Mathieu Bourron (Collabora) has been working on libva, the library for GPU based video decoding and encoding on Intel hardware, and spent his time at the Hackfest fixing up the SPU overlay element to enable hardware accelerated subpicture overlays in the video sink. Traditionally GStreamer would use the CPU to overlay the subpictures (of DVD, for example) on top of the video images. With new GL-based sinks, and hardware accelerated decoders this is very undesirable and can be done much more efficient as part of the final rendering. In 1.0 we have the infrastructure to delay this overlay operation by attaching extra metadata (with the subpicture) to the video images when the video sink knows how to overlay them. We have been doing this with subtitles in cluttersink and other sinks for a while now and soon we can also do this with subpictures.

Plugin Hacking

Arun Raghavan, GStreamer hacker and Pulse Audio maintainer, worked on disabling the audio and video filters in playbin when passthrough mode was selected. In passthrough mode, a video or audio sink can directly handle the encoded media (think a bluetooth headset that can handle mp3 directly or a hardware sink that takes encoded data). He expaned on that work in blog entry.

As a cool hack, Arun also made a source element to read from torrent files so you can watch a movie while you torrent it. He provides more information on that element in his blog, it is actually really cool.

Thiago Santos (Collabora) was continuing with his work to improve the DASH demuxer, reworking the buffering code to make it buffer less and smoother. Dash is one of the new formats (with HLS and MSS) to stream media over HTTP while adapting to bandwidth changes. On the server side, it makes media available in various bitrates while a client switches between bitrates depending on its measured network conditions. Andoni Morales also worked on a new dashsink element that implements the server side of the DASH
format.

Mathieu Duponchelle, a former GSoC student was trying to improve support for seeking in MPEG Transport Streams in order to use them in PiTiVi. Seeking in MPEG TS is not an easy thing because they are really optimized for streaming only. He got help from Thibault Saunier (Collabora), who was also hacking on PiTiVi and who was preparing a new release of gnonlin, GES and gst-python 1.2 (which he released on Sunday).

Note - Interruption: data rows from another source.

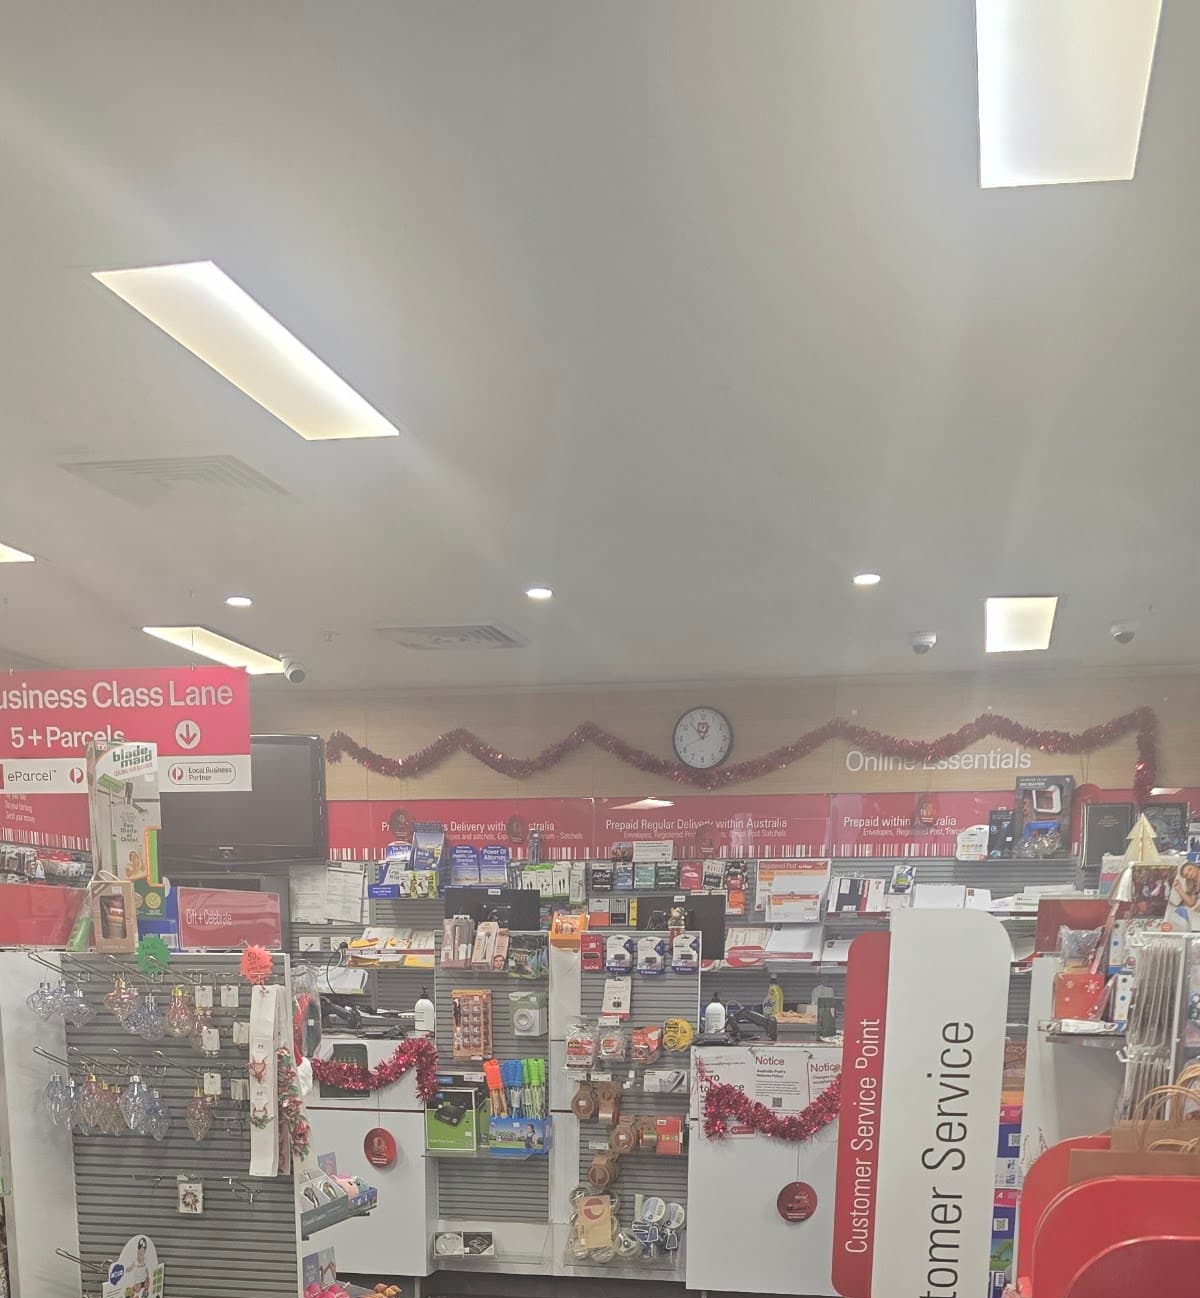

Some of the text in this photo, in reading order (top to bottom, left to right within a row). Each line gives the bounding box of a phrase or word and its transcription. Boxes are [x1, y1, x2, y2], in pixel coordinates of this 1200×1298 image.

[0, 680, 233, 710] usiness Class Lane
[10, 726, 25, 748] 5
[46, 724, 126, 748] Parcels
[112, 744, 149, 762] blade
[120, 749, 153, 768] maid
[845, 750, 916, 772] Online
[206, 766, 232, 774] Business
[450, 820, 485, 833] Delivery
[487, 820, 507, 832] with
[528, 820, 555, 831] stralia
[606, 819, 639, 832] Prepaid
[641, 818, 675, 831] Regular
[716, 818, 744, 829] within
[746, 817, 787, 829] Australia
[843, 815, 957, 829] Prepaid within Aralia
[755, 1056, 785, 1066] Notice
[810, 1062, 840, 1073] Notice
[921, 1021, 974, 1171] Service
[844, 1018, 880, 1254] Customer Service Point
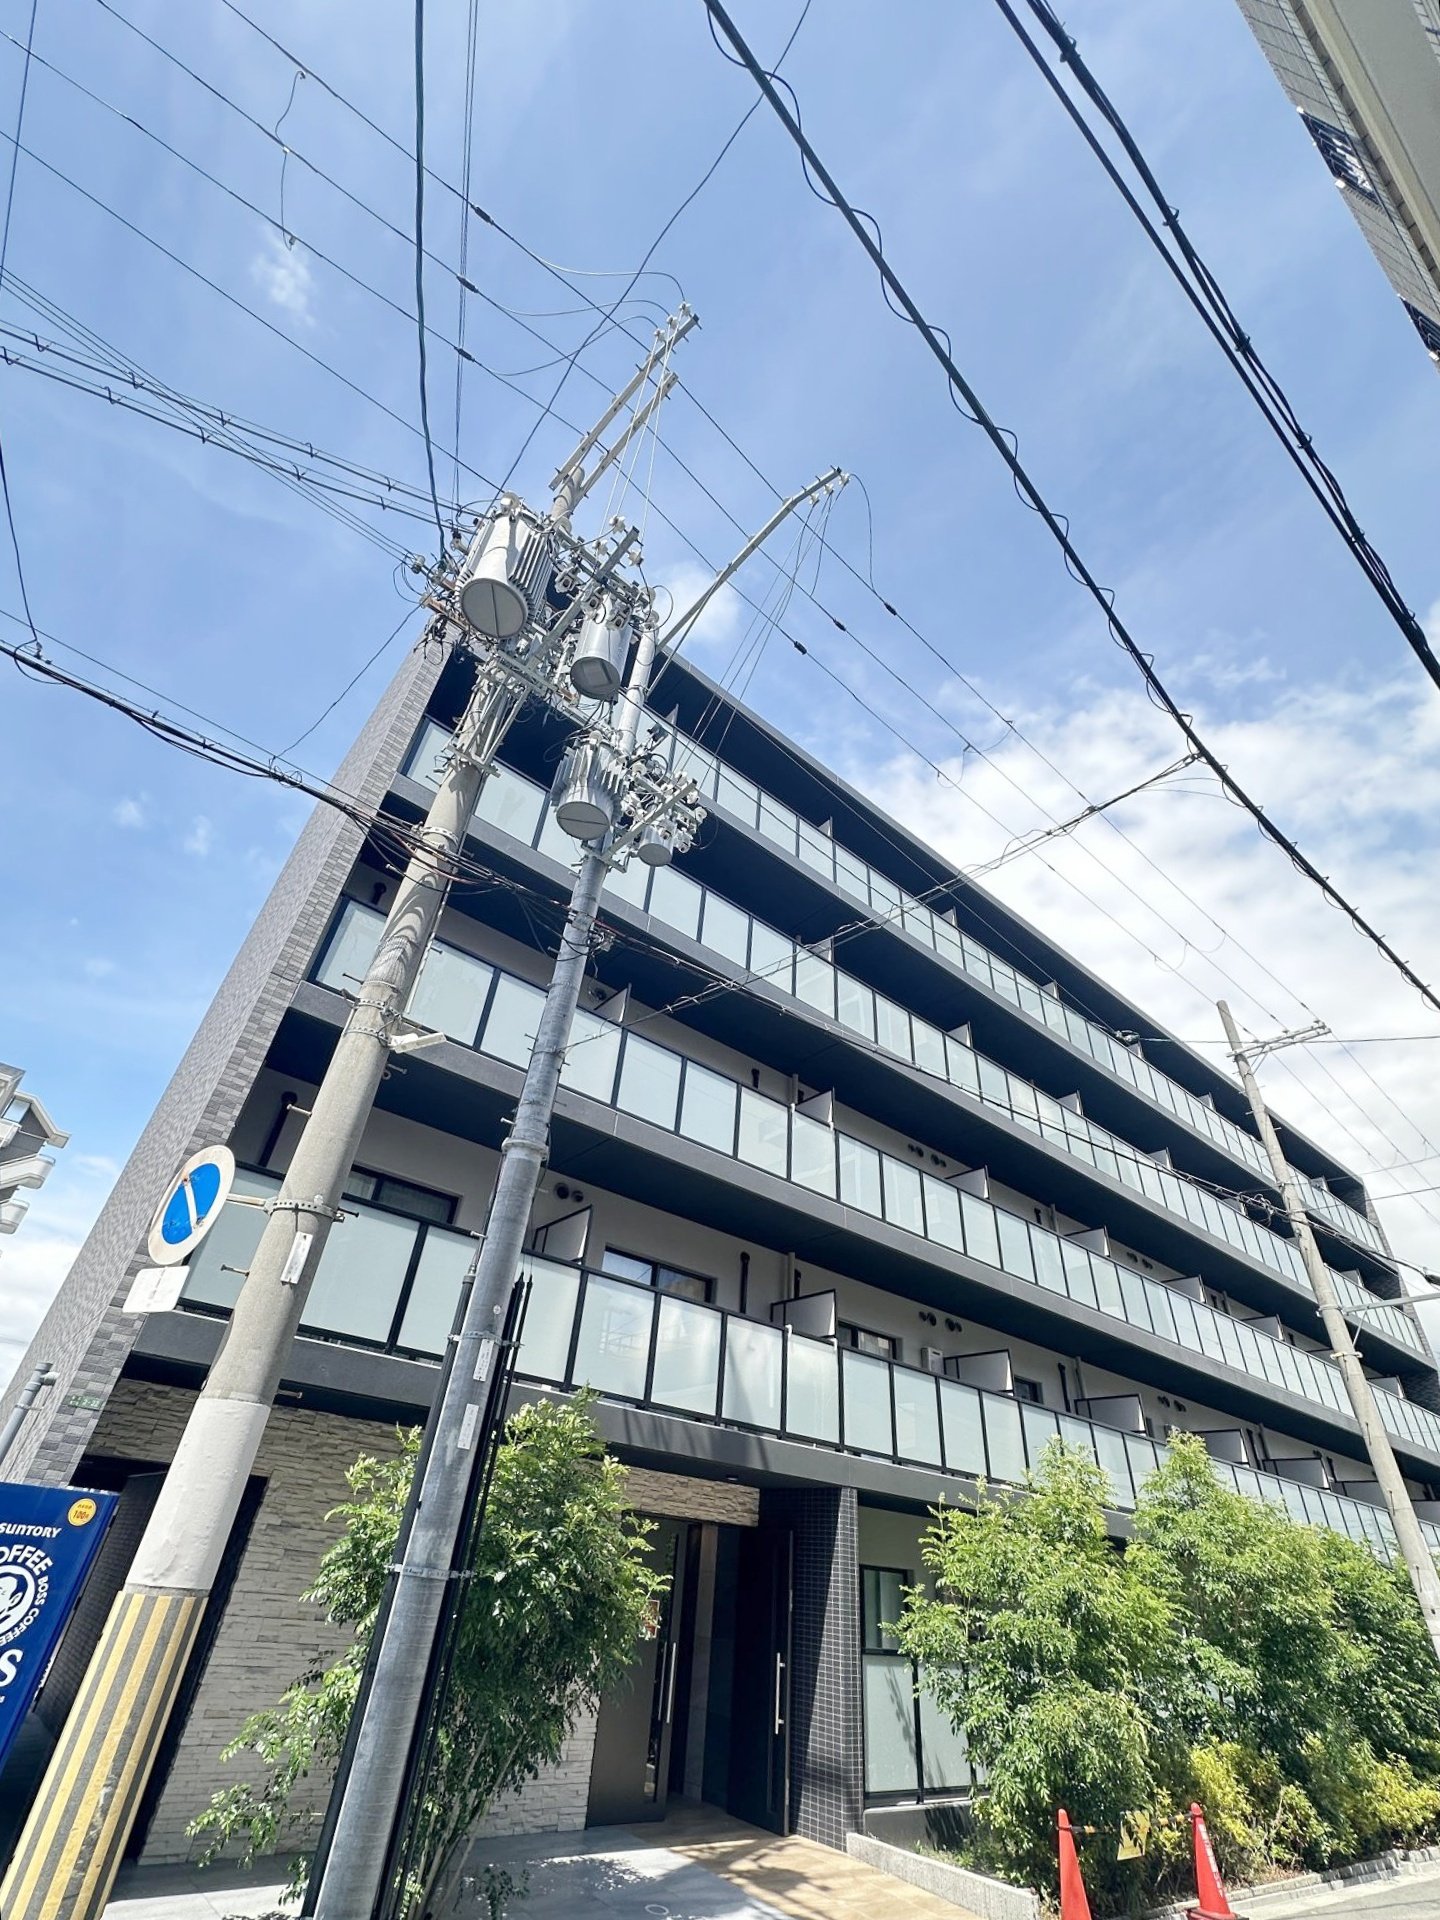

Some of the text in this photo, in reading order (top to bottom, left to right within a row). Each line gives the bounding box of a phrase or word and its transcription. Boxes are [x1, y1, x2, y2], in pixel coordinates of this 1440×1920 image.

[0, 1544, 54, 1576] OFFEE
[0, 1575, 49, 1647] BOSS COFFEE

Mathieu is one of the developers able to work fulltime on PiTiVi now thanks to the PiTiVi fundraiser, so be sure to contribute to that!

Jan Schmidt (Centricular), a long time GStreamer core hacker was working on debugging some DVB issues and also ended up taking part in a lot of the general design and troubleshooting discussions happening during the hackfest, helping other people move forward with their projects.

Long time GStreamer hacker Edward Hervey (Collabora) was planning to do a lot of DVB hacking but had to give up on that effort when it was clear that Google had signal isolated the office for security reasons, so there was no DVB signal in the Google office. Instead he worked on merging some pending DVB patches and implemented GAP support in the mpeg transport stream plugin. GAP support deals with streams that have long periods of no media (like missing audio for some time in DVD). It makes sure that downstream elements keeps processing the silence instead of waiting for more data.

Applications

Meg Ford, a GSOC student mentored by Sebastian Dröge (Centricular) was working on Gnome Sound Recorder and fixing up the last bugs, preparing it for a new release.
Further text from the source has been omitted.